Many functions from `mosaic` have the form `goal(y ~ x | z, data = mydata, ...)`.
For plots:

- `y`: is the y-axis variable
- `x`: is the x-axis variable
- `z`: conditioning variable (separate panels)

For other things: `y ~ x | z` can usually be read `y` is modeled by (or depends on) `x` differently for each `z`.

## Tabulate
Recall the `BrainSize` data which we have already loaded into R. We can use the `tally` function from the `mosaic` package to summarize the Gender variable:
```{r, message=FALSE}
# The option "message = FALSE" will prevent R from printing information about the package.
library(mosaic) # The functionalities in the mosaic package are now available 
tally( ~ Gender, data = BrainSize)
```

What we see is, that in this data set $20$ observations are Females and $18$ observations are Males. We can also make a cross tabulation of `Gender` and `HeightIntervals` (remember that HeightIntervals is a categorical variable with five levels):
```{r}
tally( ~ Gender + HeightIntervals, data = BrainSize)
```
With this command we simply "model" (count) `Gender` and `HeightIntervals` together. We see, that males are in general higher than females (for this data set).
- To swap rows and columns swap the variables.
- To get the relative frequencies (of the total observations) add `format = "percent"`:

```{r}
tally( ~ HeightIntervals + Gender, data = BrainSize, format = "percent")
```

There is also an option to add totals in the "margins" of the table:

```{r}
tally( ~ HeightIntervals + Gender, data = BrainSize, format = "percent", margins = TRUE)
```


To get relative frequencies for each gender (across columns) specify that you want `HeightIntervals` "modeled" (counted) by `Gender`:

```{r}
tally(HeightIntervals ~ Gender, data = BrainSize, format = "percent")
```


## Numerical summaries
We can also summarize the `Height` by `Gender` numerically with the `favstats` function:

```{r}
favstats(Height ~ Gender, data = BrainSize)
```

As we have already guessed, the mean height of men is larger than the mean of women height.
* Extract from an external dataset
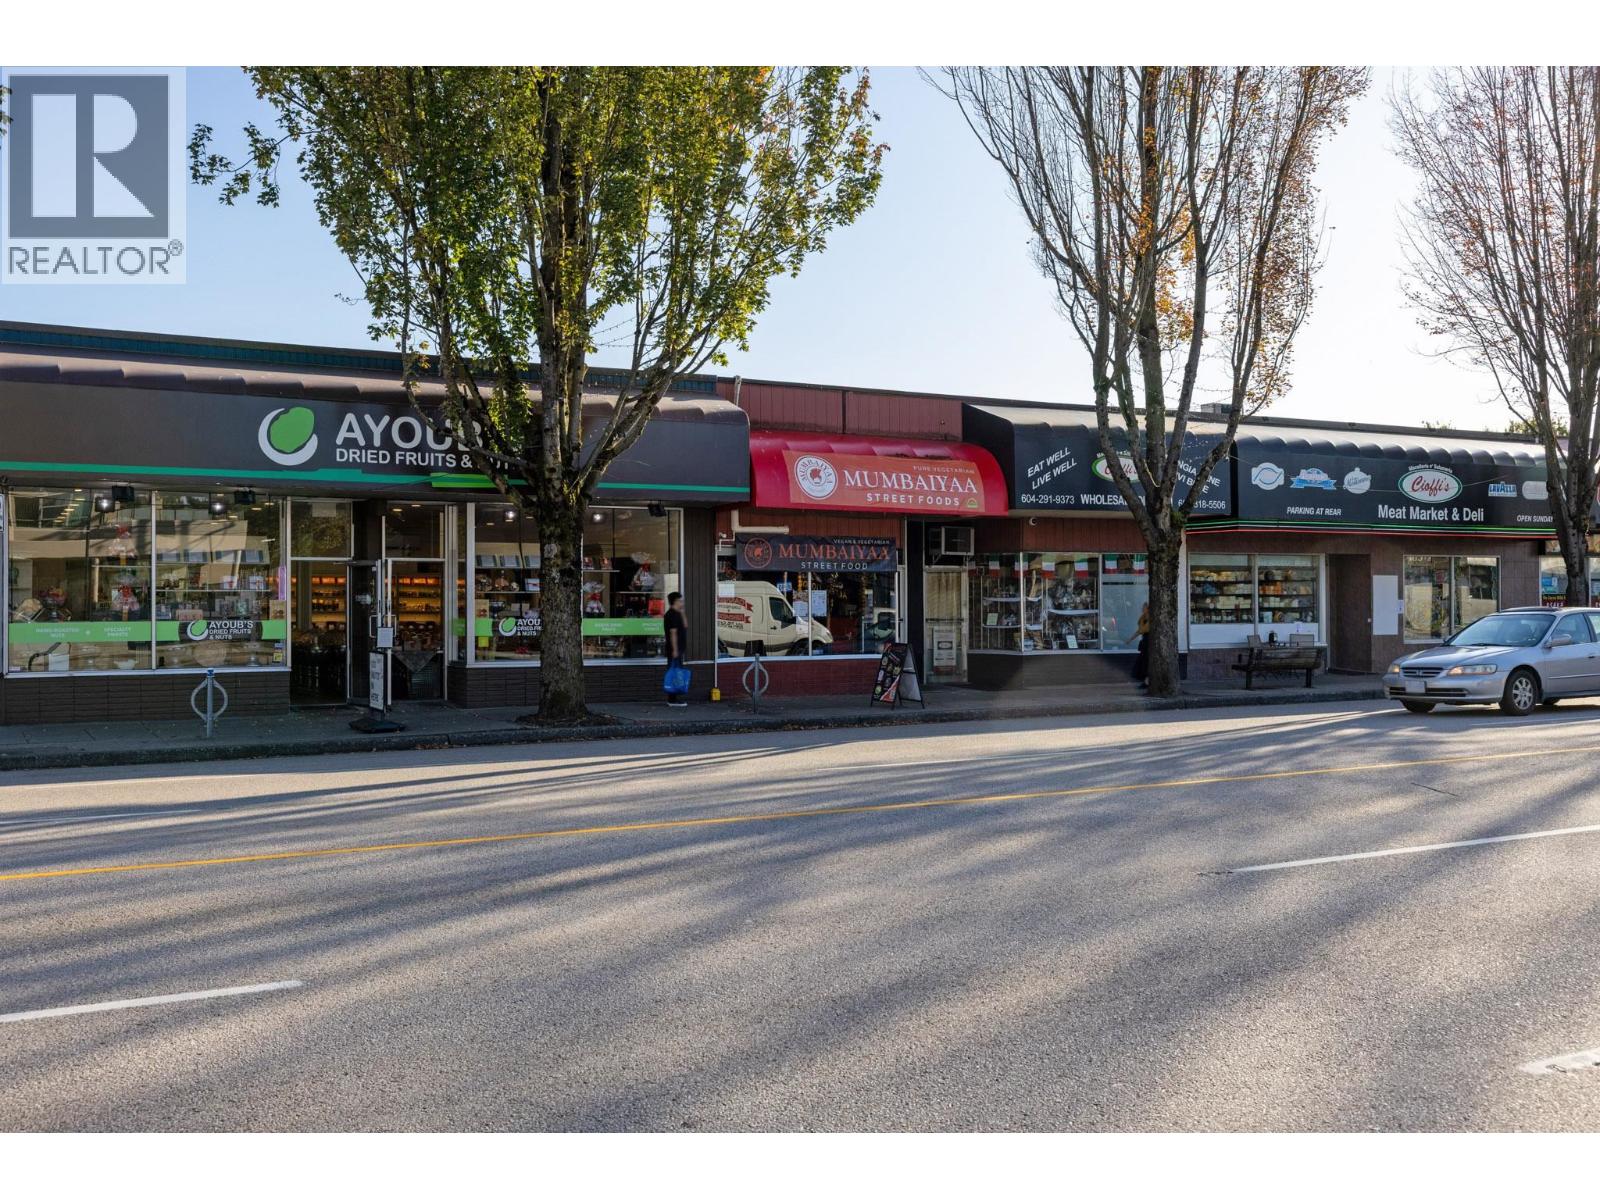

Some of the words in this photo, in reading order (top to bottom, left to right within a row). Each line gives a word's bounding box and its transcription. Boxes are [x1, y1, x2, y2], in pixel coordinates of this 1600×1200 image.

We can also use the `mean` function to extract the means directly:

```{r}
mean(Height ~ Gender, data = BrainSize)
```

### Exercises

Consider the BrainSize data.

- What is the mean value of the Weight variable?
- What is the mean value of the Weight variable for each group of the Gender variable?
- How many females weigh $146$?

## Visualizing Data

### Boxplots

```{r}
gf_boxplot(Height ~ Gender, data = BrainSize)
```

```{r}
gf_boxplot(Weight ~ HeightIntervals | Gender, data = BrainSize)
```


### Exercises

Consider the BrainSize data.

- Use the function `gf_point` from `mosaic` to plot `Weight` against `Height` with a different color for each `Gender` (fill in the missing code).

```{r}
# gf_point( ... ~ ..., col = ~Gender, data = BrainSize)
```

- Do the same, but with separate plots for males and females (fill in the missing code).

```{r}
# gf_point( ... ~ ... | ..., data = BrainSize)
```

- Do you see a different picture for males and females?